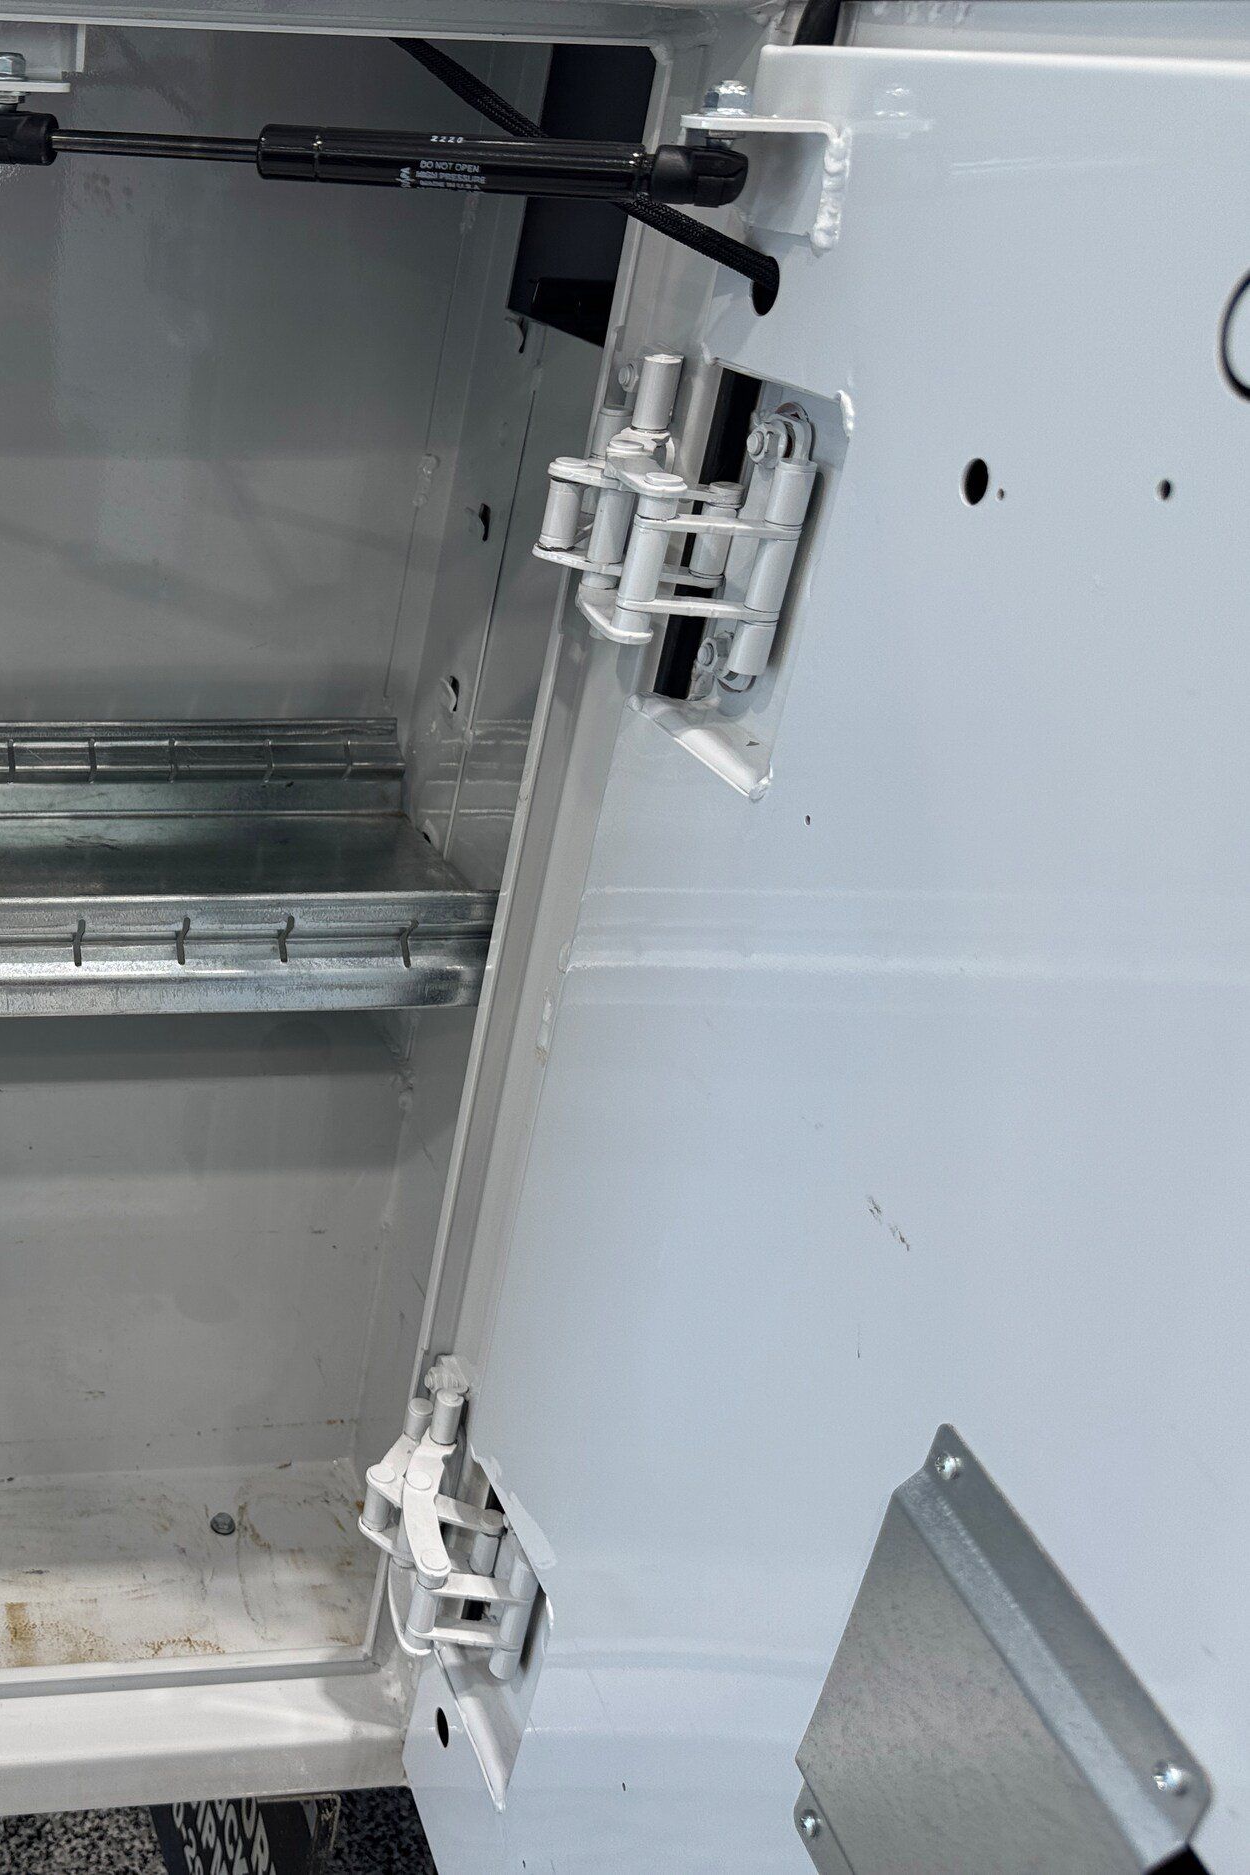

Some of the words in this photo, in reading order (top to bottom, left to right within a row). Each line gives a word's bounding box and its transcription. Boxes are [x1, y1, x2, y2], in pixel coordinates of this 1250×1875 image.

[430, 135, 464, 143] 2220
[420, 160, 434, 169] DO
[435, 161, 454, 171] NOT
[455, 163, 480, 173] OPEN
[416, 171, 438, 179] HIGH
[438, 172, 486, 184] PRESSURE

• • • • • • •

Please copy the data shown above, line by line and exactly, omitting the images.

▶ **Task solution**
Some of the words in this photo, in reading order (top to bottom, left to right within a row). Each line gives a word's bounding box and its transcription. Boxes are [x1, y1, x2, y2], in pixel coordinates of this 1250×1875 image.

[430, 135, 464, 143] 2220
[420, 160, 434, 169] DO
[435, 161, 454, 171] NOT
[455, 163, 480, 173] OPEN
[416, 171, 438, 179] HIGH
[438, 172, 486, 184] PRESSURE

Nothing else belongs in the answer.